Les fermes de chanvre de Californie produisant un tonnage massif de produits chimiques toxiques, polluant des milliers d’acres de terre

Les fermes illégales de marijuana en Californie ont laissé des acres de terre tellement contaminés par des produits chimiques toxiques et des engrais qu’un quart de cuillère à café a pu tuer un ours. Déjà cinq agents de police ont été envoyés à l’hôpital pour des éruptions cutanées graves et des problèmes respiratoires. Ceci, après avoir simplement touché une zone polluée. Les représentants du gouvernement disent que la situation est pire que ce qu’ils craignaient et craignent que rien ne soit fait pour remédier à cette crise, une catastrophe biologique similaire à la catastrophe d’Elk River en 2014 est imminente. L’urgence en Virginie-Occidentale a laissé plus de 300 000 résidents sans accès à l’eau potable à cause des produits chimiques déversés dans l’affluent.
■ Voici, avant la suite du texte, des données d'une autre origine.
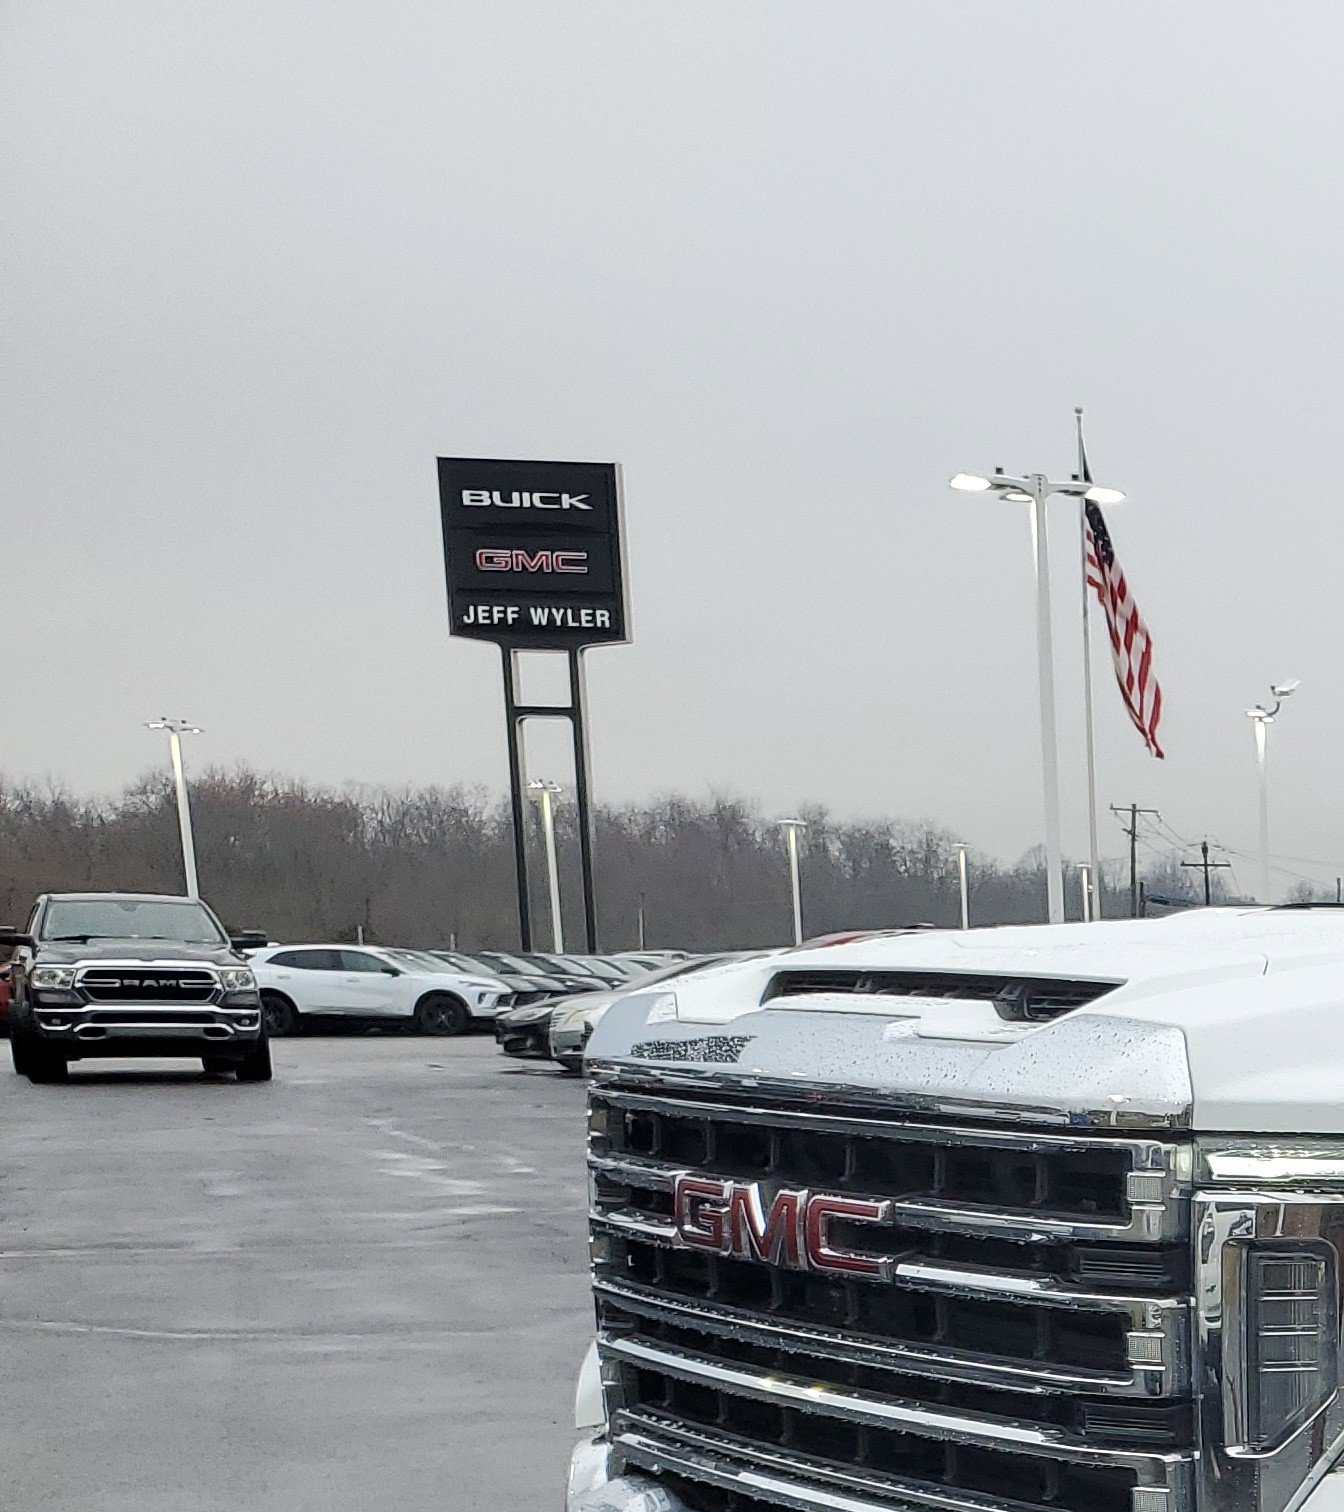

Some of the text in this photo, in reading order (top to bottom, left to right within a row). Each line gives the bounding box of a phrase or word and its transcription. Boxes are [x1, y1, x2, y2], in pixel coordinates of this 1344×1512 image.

[462, 489, 593, 510] BUICK
[475, 549, 588, 573] GMC
[462, 605, 611, 628] JEFF WYLER
[122, 979, 177, 988] RAM
[675, 1173, 893, 1283] GMC
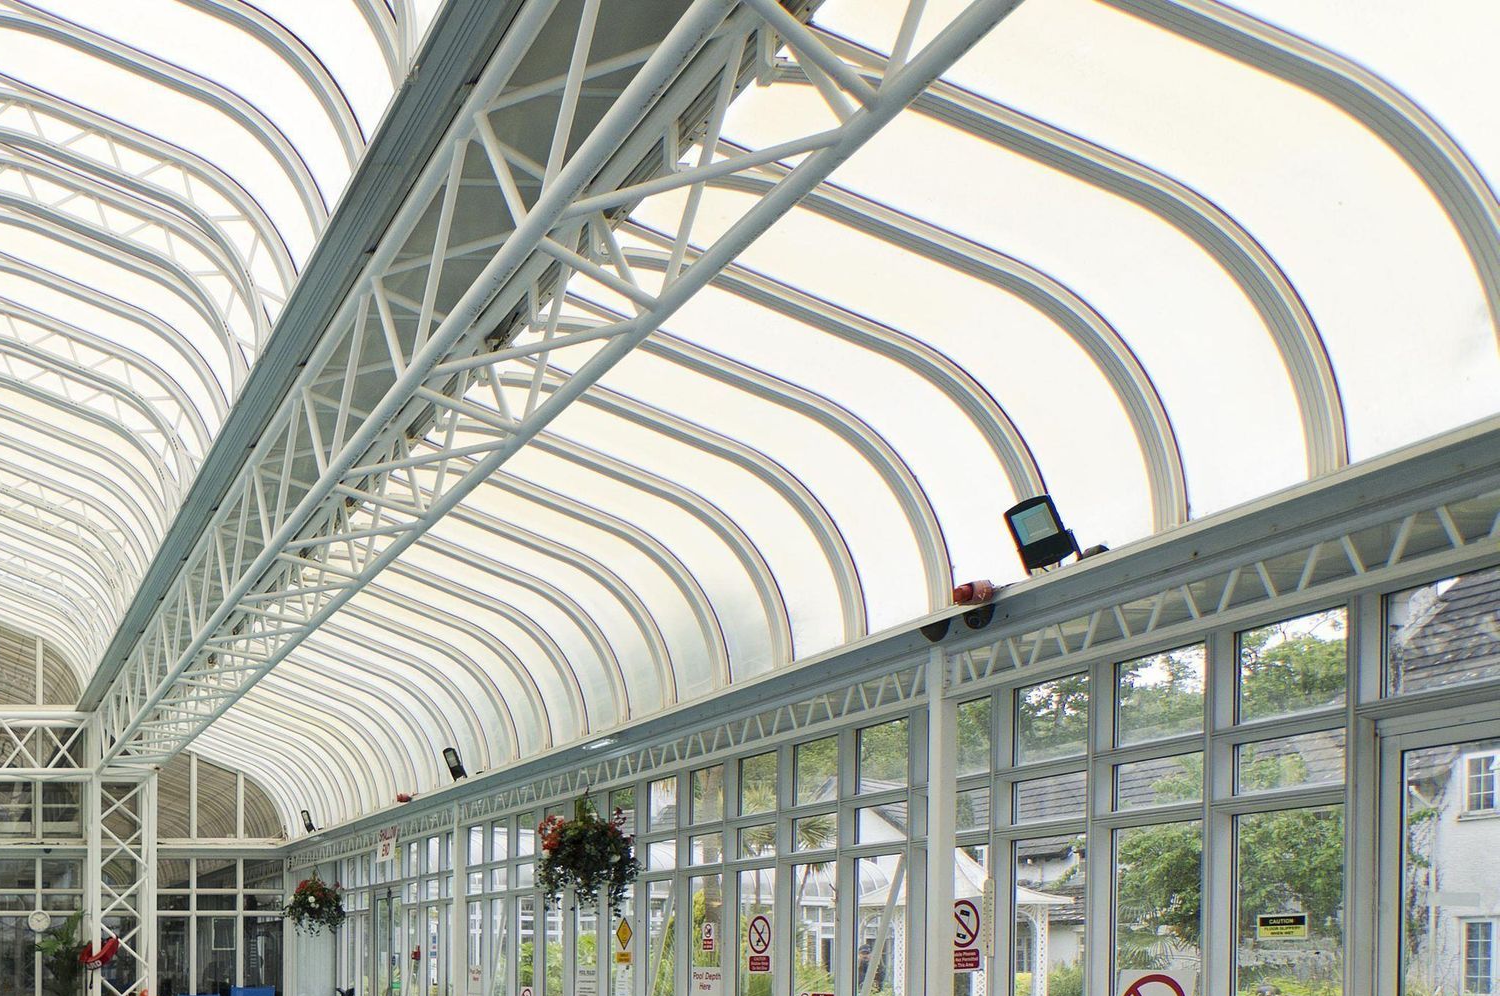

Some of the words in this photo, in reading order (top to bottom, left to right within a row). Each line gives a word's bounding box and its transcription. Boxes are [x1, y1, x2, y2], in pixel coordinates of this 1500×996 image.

Les autorités locales ont déclaré que la Californie représente plus de 90 pour cent de la culture illégale de marijuana dans le pays, bien que l’État soit l’un des premiers à légaliser l’utilisation de l’herbe médicinale. Pourtant, la terre californienne est vaste et profonde, avec des régions difficiles d’accès ou de surveillance. Inévitablement, l’État est devenu un paradis pour les producteurs de pot.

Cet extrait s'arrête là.